35:未知体験
「あの口付けをした彼女は、女神だったのだろうか?」
エウムは返事に困って、俯いてモジモジとしました。もとよりジーニズは答えを期待してはいませんでした。
「フフ……少なくとも私には、あの女には何か特別な意味があって私に近寄られた、神様だったと信じている。夫の目の前で、他の男に口付けをした女だがな」
「あの、その林檎腹の人ですが、奥さんはいないはずです」
「ん?」
「あの人は……村八分の扱いをされていましたから……」
「分かっているよ。あの男は……あの男の愛は、神の愛だ。単なる男女の恋愛というものではない、もっと普遍的で温かな、聖なる愛を持っていた。聖なるゆえに、俗なる者には疎まれる。神は生命皆全てを愛すが、人が神を愛すのは……ここには様々な齟齬や間違いが生じる。人には“欲”があるから、目を濁す。人は決して神にはなれないし、神と相対することも出来ない。しかし、神の言葉は聞ける。きっと、あの林檎腹は、その声を聞けるのではないだろうか……」
「…………」
「話がそれたね、戻そう。
といっても、あの時あの瞬間の記憶は、ほとんど無い。というより、周りに意識を持っていく余裕が無かったというのが正しい。私はただ、七色の太陽の輝きを眺めているだけだった。光の分裂の影に、懐かしい人の姿を見つけるのに夢中だった。

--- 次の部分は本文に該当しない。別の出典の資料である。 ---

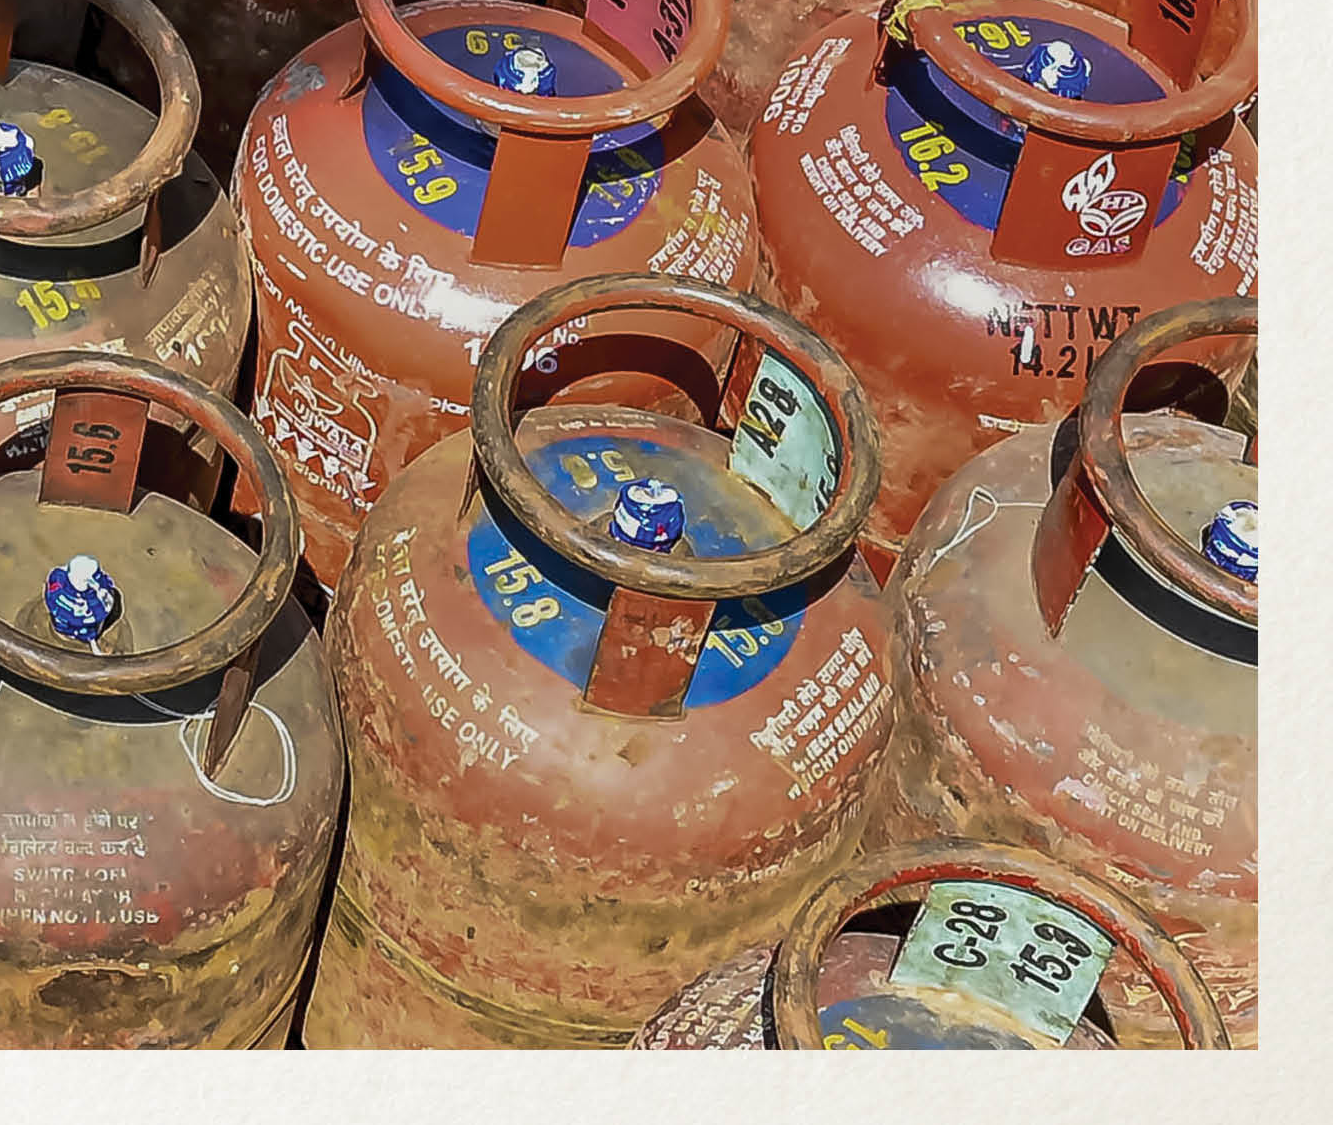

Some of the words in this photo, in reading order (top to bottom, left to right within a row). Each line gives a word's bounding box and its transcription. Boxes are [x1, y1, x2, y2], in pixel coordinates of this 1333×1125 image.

[396, 131, 460, 206] 15.9
[899, 120, 971, 193] 16.2
[250, 131, 270, 184] FOR
[260, 174, 329, 266] DOMESTIC
[324, 256, 370, 297] USE
[815, 155, 845, 194] CHECK
[859, 216, 887, 241] AND
[1100, 194, 1142, 211] HP
[310, 196, 379, 260] उपयोग
[376, 240, 405, 274] के
[1065, 234, 1132, 257] GAS
[1087, 305, 1141, 341] WT
[1009, 344, 1079, 379] 14.2
[65, 421, 123, 476] 15.6
[293, 460, 351, 501] dignity
[483, 545, 562, 629] 15.8
[418, 627, 473, 692] उपयोग
[471, 683, 494, 713] के
[497, 703, 540, 754] लिए
[457, 721, 520, 771] ONLY
[1082, 772, 1131, 811] CHECK
[1131, 802, 1168, 830] SEAL
[1169, 821, 1203, 842] AND
[1117, 813, 1140, 833] ON
[1140, 826, 1215, 858] DELIVERY
[12, 866, 90, 883] SWITC
[933, 897, 1009, 971] C-28

最後に見たのは、母の姿だった。母は私を生むとともに亡くなったから、当然会ったことは無い。しかし、しっかりと私の目の前に母の顔が現れた。私と、とてもよく似た線のような細目で、母は優しく私を見つめてくれた。それに勝る温かさは無かった。私の心はすっかり幼少へとかえり、母の元へと駆けようとした。が、それを母は、手を立てて静止させた。私は心の声でその理由を聞いた、『どうして?』
母は真剣な眼差しで、私を見据えて言った、『あなたには、まだするべきことが沢山ある、そんな暇は無いのよ』
また私は聞き返した、『僕のするべきことって?』
母はまた答えた、今度は優しげな笑みを浮かべて、『あなたは、父として、世に居る病める人々を助けるの』
『僕が、父?』
『あなたには力がある。だから、私の最後の、最後の力添えをしてあげる。頑張って』
すると母が、フッと姿を消した。いや、私は感じた、私の体の内に、母が入り込んできたことを。私の腕、指先一つ一つに、母の腕と指一つ一つがピッタリと重なった。足も同じように。私の動く心臓に、母の鼓動が重なった、共に動いていった。そして、母の顔が私のそれに重なった時……その時の体験は、たった一度の瞬間のことながら、それは……とても素敵な体験だった。母の脳が私のと重なった瞬間、私の腹部に痛みが走った。間欠的に続く苦しみ、その痛みは、これまで掛かってきた腹部の病気などとは、どこか違っていた。その痛みは段々と強まり、ついに我慢の限界まで迫ってきて、気が狂いそうになるほどの辛さだった。が、途端にその後に、サッと痛みが引いて、さっきまでの苦しみがまるで嘘だったように……私の心には嬉しさ、何ともいえない充足感で一杯になった。そして、気付いた。さっきまでの苦しみは、決して悲しみというものには包まれていなかったと、そのことに気が付いた。不思議な、不思議な痛み、そして喜びだった。痛みの傷口を、喜びの潮が温かく包み込んで、癒してくれる……そんな感覚。それは男の私には、全く未知の経験だった。
やがて、目の前の夢のような極彩色は、急激な勢いで一点へと……輝く白い光へと集束していき……刺すような光線……真っ青な空……ハッと気付くと、太陽を背に一人の影が、上から覆うように立っていた。